In 1556, at the end of the reign of Henry VIII, work began on building a fortification on the site that would become known as Essex Castle. The only remains of the fortification are the current north and west walls. 200 men worked to provide facilities for a garrison of 200 soldiers. The capture of Sark by the French in 1549 ensured the work would continue, and additional funding was obtained. However, when Queen Mary came to the throne in 1553, the work was abandoned and dismantled, and it was converted to a private residence for John Chamberlayne, the Lord of Alderney 1584–91. There followed a period when the island was attacked by pirates or used by pirates, as it was undefended.

=== Militia, 1337-1840 ===

The Island militia may have existed for centuries, as did the militias of Guernsey and Jersey. In 1337, King Edward III of England authorised Thomas de Ferres to “levy and train” militias in Guernsey, Jersey, Sark and Alderney, to the use of arms and to "aray them in thousands, hundreds and twenties". The first mention of a militia commander, Captain Nicholas Ling, was in the records in 1657. Without fortifications apart from a decaying Essex Castle and the Nunnery, and with few if any cannon, the island was not defendable.

During the Seven Years' War in 1756 the Militia amounted to 200 men, and the island became a centre for privateers.
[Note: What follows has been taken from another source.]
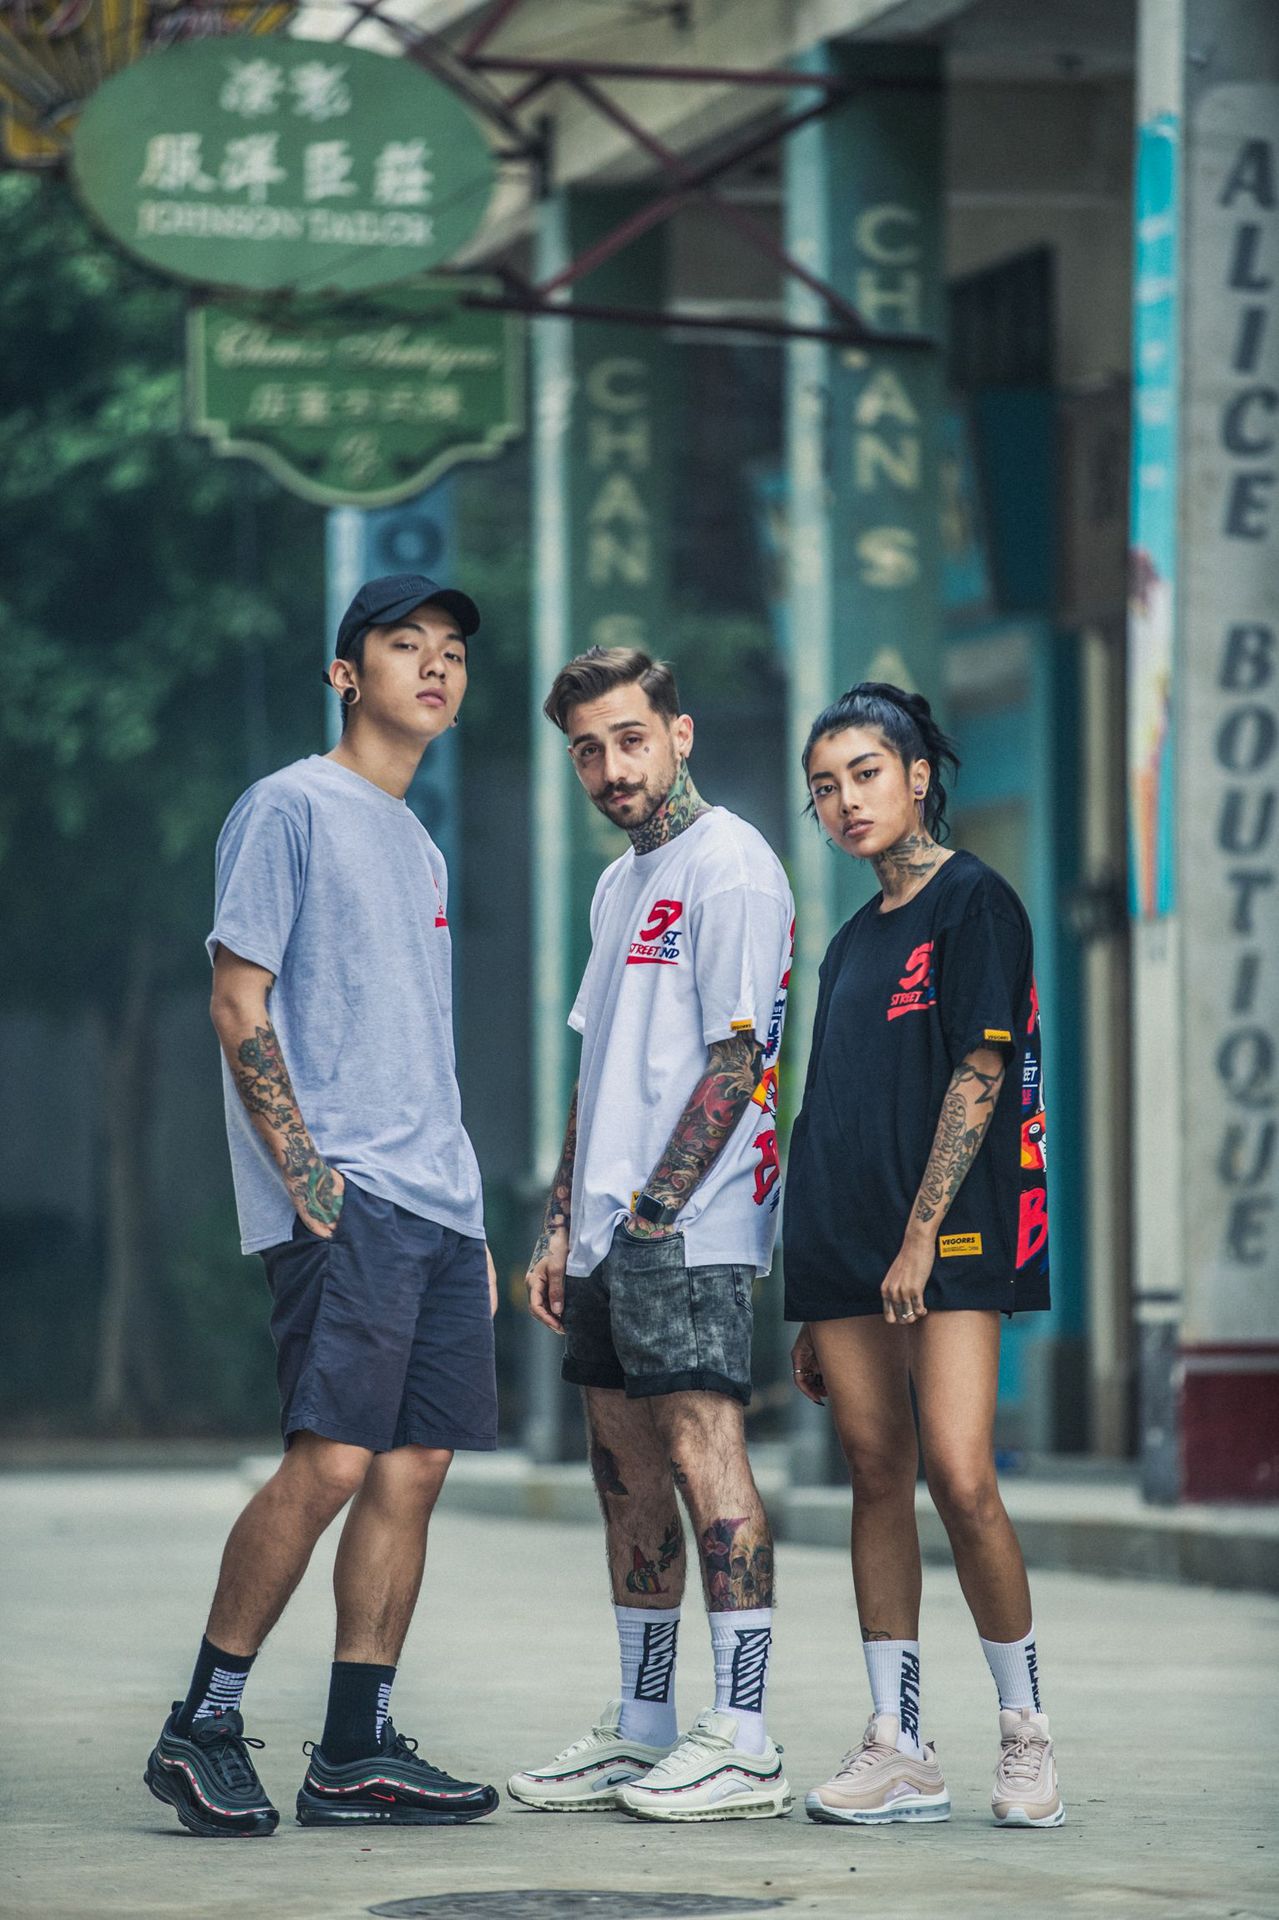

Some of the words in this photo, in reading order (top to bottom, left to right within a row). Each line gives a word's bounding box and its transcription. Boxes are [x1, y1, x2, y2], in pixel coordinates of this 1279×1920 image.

In 1781 France invaded Jersey, resulting in the Battle of Jersey. In 1793, the fear of the French Revolution resulted in 200 soldiers, together with trained artillerymen, being sent to Alderney. The loss of ', a 38-gun frigate wrecked in 1795 off Alderney, gave the island a number of cannon rescued from the wreck, and batteries were built for them. By 1809 there were nineteen batteries holding 93 cannon. Barracks had also been built to house 568 men, and the militia totalled 384 men. A telegraph tower was constructed above La Foulère in 1811, enabling signals to be relayed visually to Le Mât in Sark and on to Guernsey: early warning of attack during the Napoleonic Wars was of strategic importance.

On the 50th anniversary of the Battle of Jersey, in 1831, the Alderney Militia, now reduced to 65 gunners and 98 infantry, was awarded the epithet of "Royal", as had the Jersey and Guernsey Militias. The militia continued until after World War I.
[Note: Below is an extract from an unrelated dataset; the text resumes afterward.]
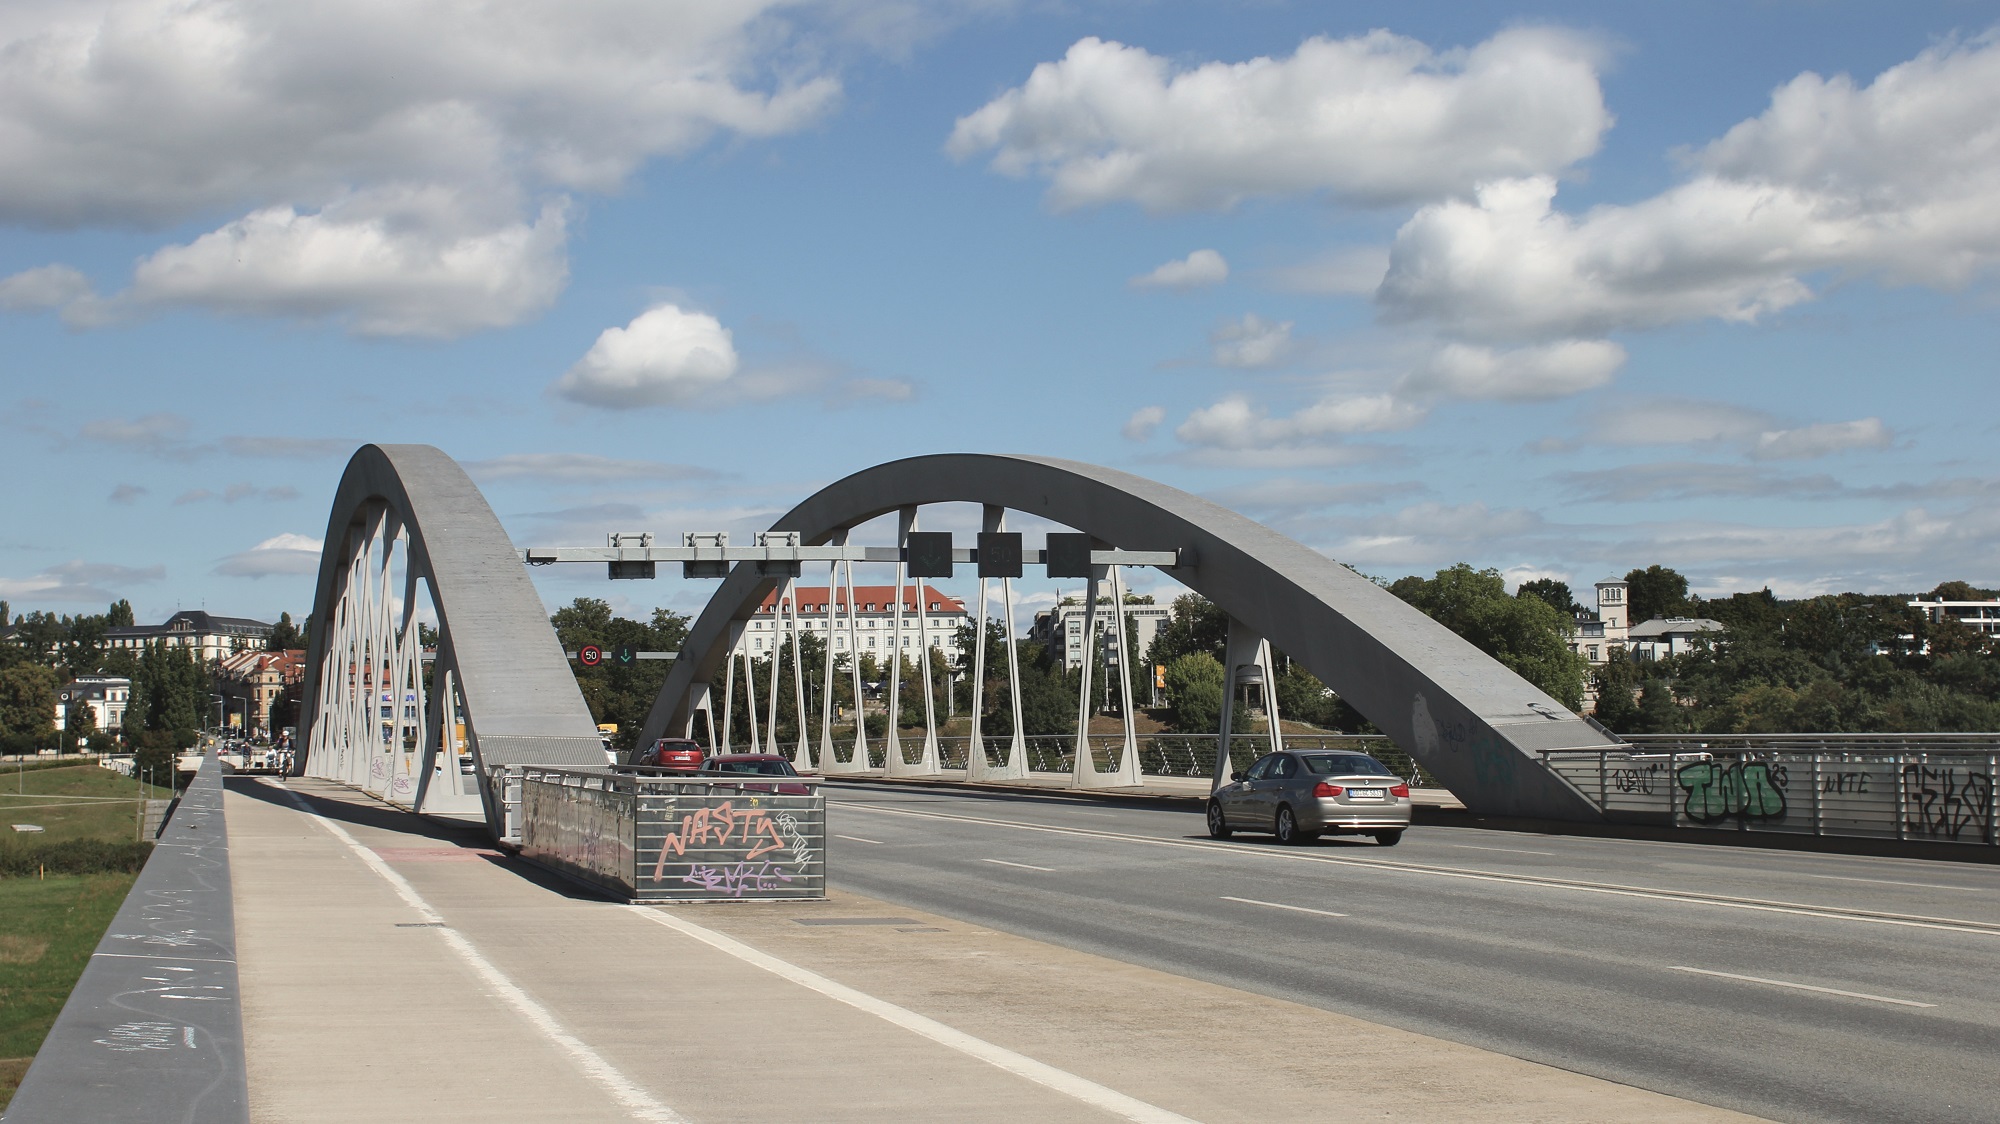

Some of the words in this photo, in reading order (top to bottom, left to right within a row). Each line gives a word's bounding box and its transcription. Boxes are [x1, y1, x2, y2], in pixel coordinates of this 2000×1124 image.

== Victorian era fortifications ==

Concerns by the Commander-in-Chief of the Forces, Arthur Wellesley, 1st Duke of Wellington, over France and the expansion of their harbour at Cherbourg resulted in a commission in 1842 to look at the problem. A recommendation to build harbours at St Catherine's in Jersey and in Alderney was approved in 1845, to be called "Harbours of Refuge" to avoid upsetting the French. A massive breakwater to enclose between 67 acres and 150 acres in Braye bay, dependent upon the date of the plan between 1845 and 1859. The idea of building just a harbour would provide the enemy with a good facility that once taken could not be recovered. It required fortifications to defend the harbour. Following the construction of the railway line from the quarry to the harbour and the importation of two engines, the northern breakwater was begun. Given the misleading title of a harbour of refuge so as not to provoke the French, it was constructed by Jackson and Bean between 1847 and September 1864 when it had reached 1,500 m when works were abandoned.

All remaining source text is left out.